Он не скажет тебе этого. Так давайте же выражать свои настоящие чувства, и тогда наша жизнь станет исключительно богатой и красивой. В какой-то момент надо перестать говорить то, что говорят другие, и сказать то, что чувствуем мы.
Христос спросил Своих учеников:
— Что говорят обо Мне люди? — И затем спросил их: — А вы что говорите обо Мне? (ср. Мф. 16, 13–15).
Оставь других, вот ты и я — как мы с тобой? Счастливы ли мы?
Лучше всего на свете — быть счастливым со своим ближним и по-настоящему знать друг друга. Открывать свое сердце, говорить ему, и чтобы он говорил тебе.
Все люди хорошие, стоит нам только иметь мир с Богом и самими собой. Тогда мы всех любим и всех понимаем. Я молюсь, чтобы и мы так насладились в жизни, чтобы стали понимать боль ближнего и укреплять его.

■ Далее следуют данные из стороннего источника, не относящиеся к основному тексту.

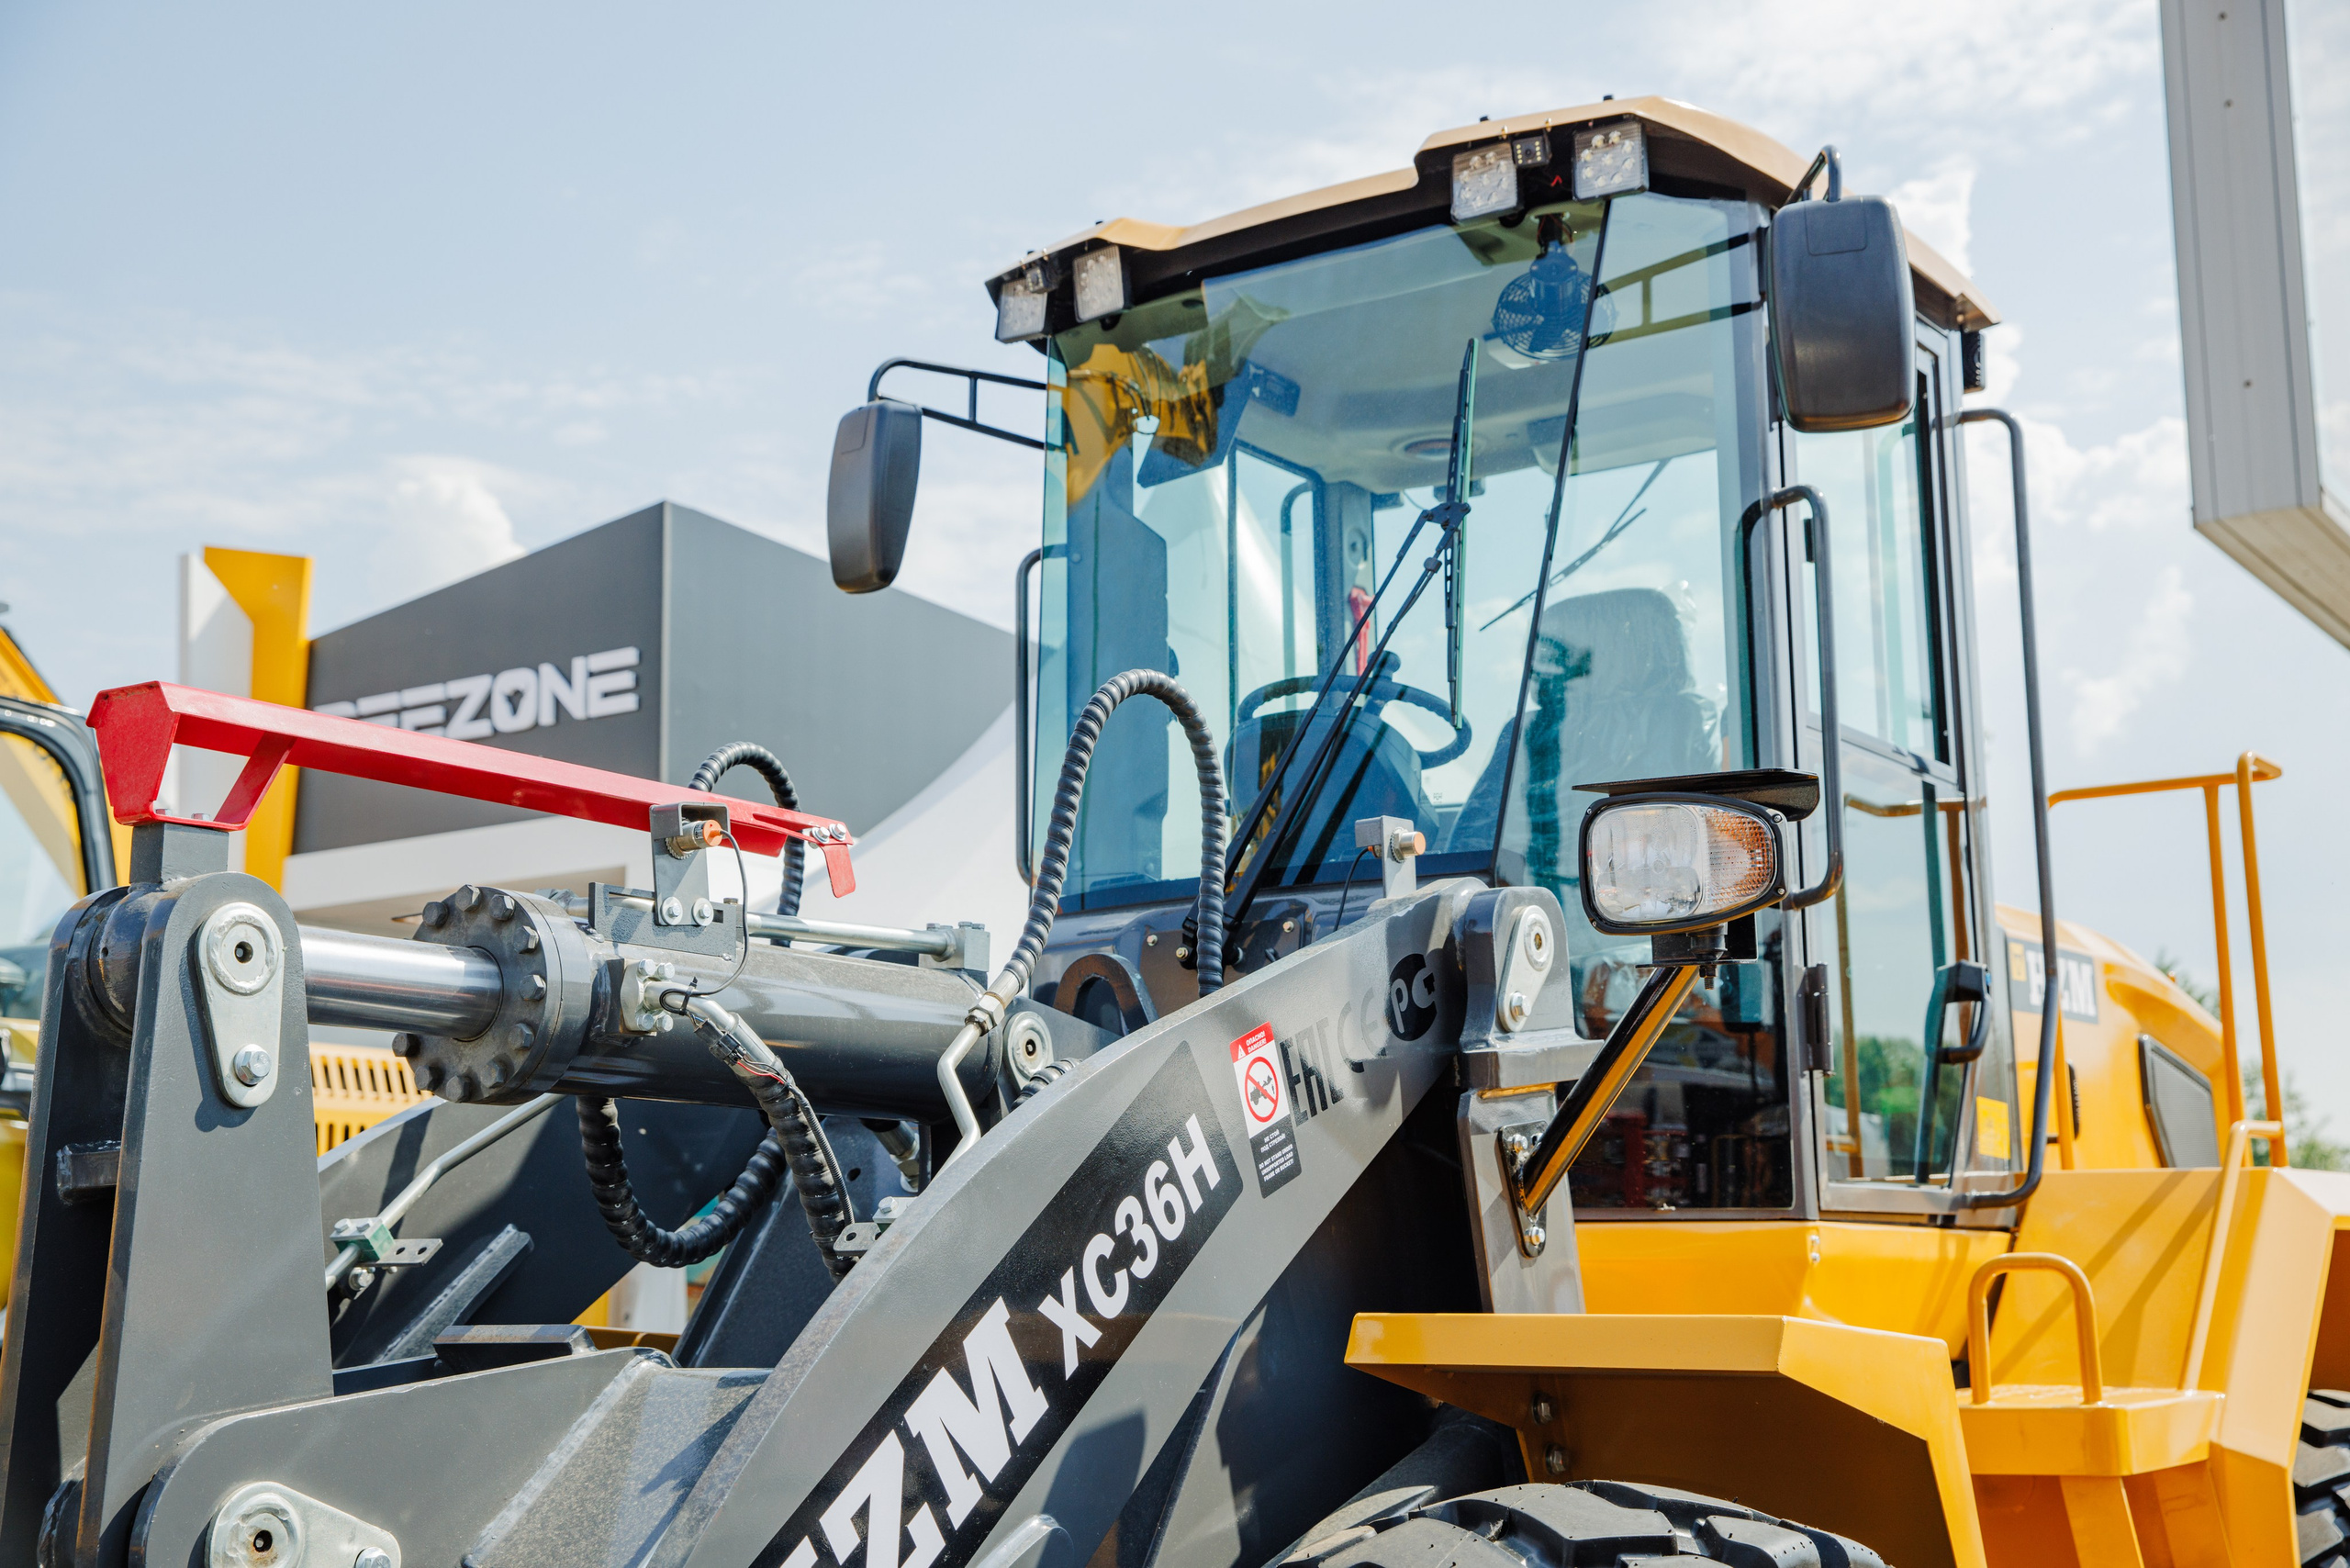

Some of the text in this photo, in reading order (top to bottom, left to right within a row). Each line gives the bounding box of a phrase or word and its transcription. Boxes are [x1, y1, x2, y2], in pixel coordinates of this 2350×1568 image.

[313, 645, 640, 741] EZONE
[1248, 1037, 1267, 1053] DANGER!
[779, 1113, 1221, 1568] ZM XC36H
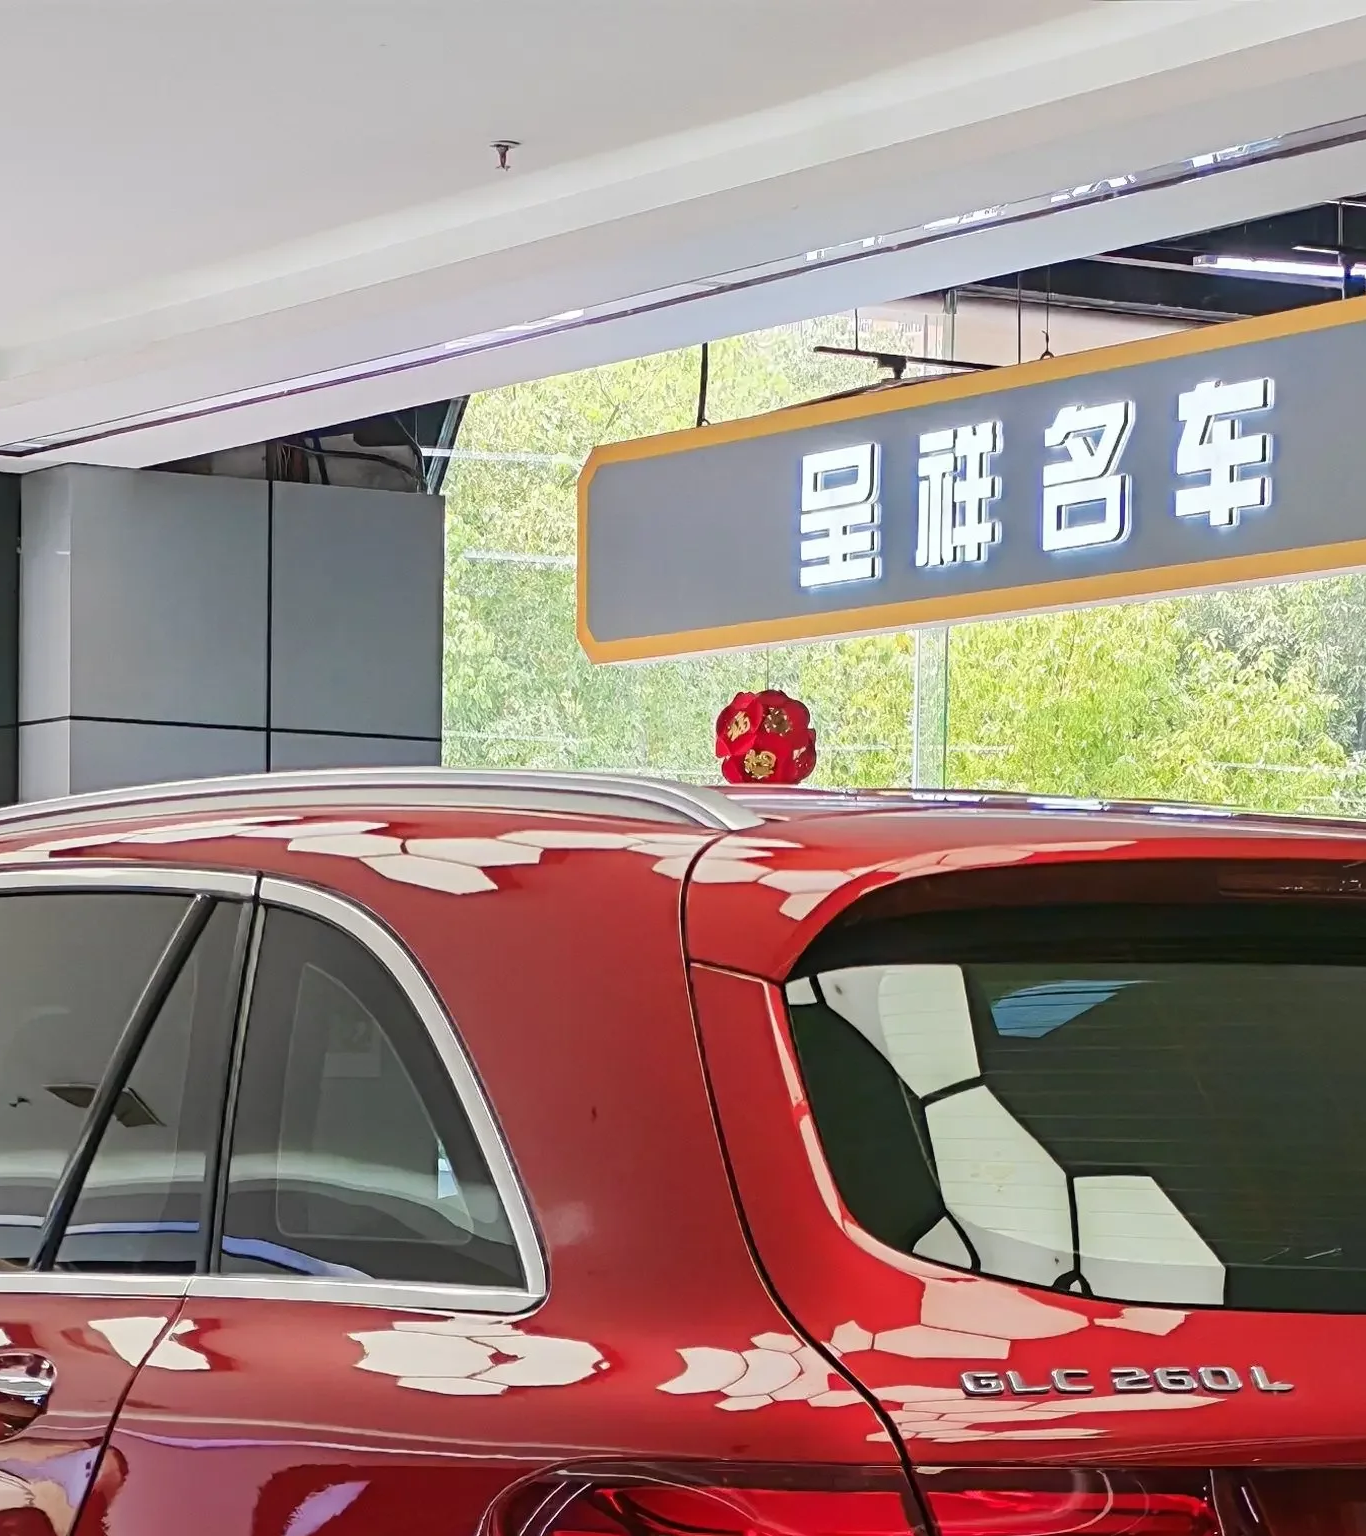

Литургия называется также Евхаристией. А почему? Потому что мы благодарим Бога. Это момент, когда ты идешь без всяких жалоб и говоришь:
— Боже мой, благодарю Тебя, что Ты Бог неизреченный, неисследимый, невидимый, непостижимый, вечно существующий и всегда один и тот же, Ты и Единородный Сын Твой и Святой Дух Твой. Ты из небытия привел нас в бытие, и падших снова воздвиг, и не перестал делать все, пока не возвел нас на небо и не даровал нам Твоего будущего Царства. За все это благодарим Тебя, и Единородного Сына Твоего, и Святого Духа Твоего, за все оказанные нам видимые и невидимые благодеяния, о которых знаем и о которых не знаем[4].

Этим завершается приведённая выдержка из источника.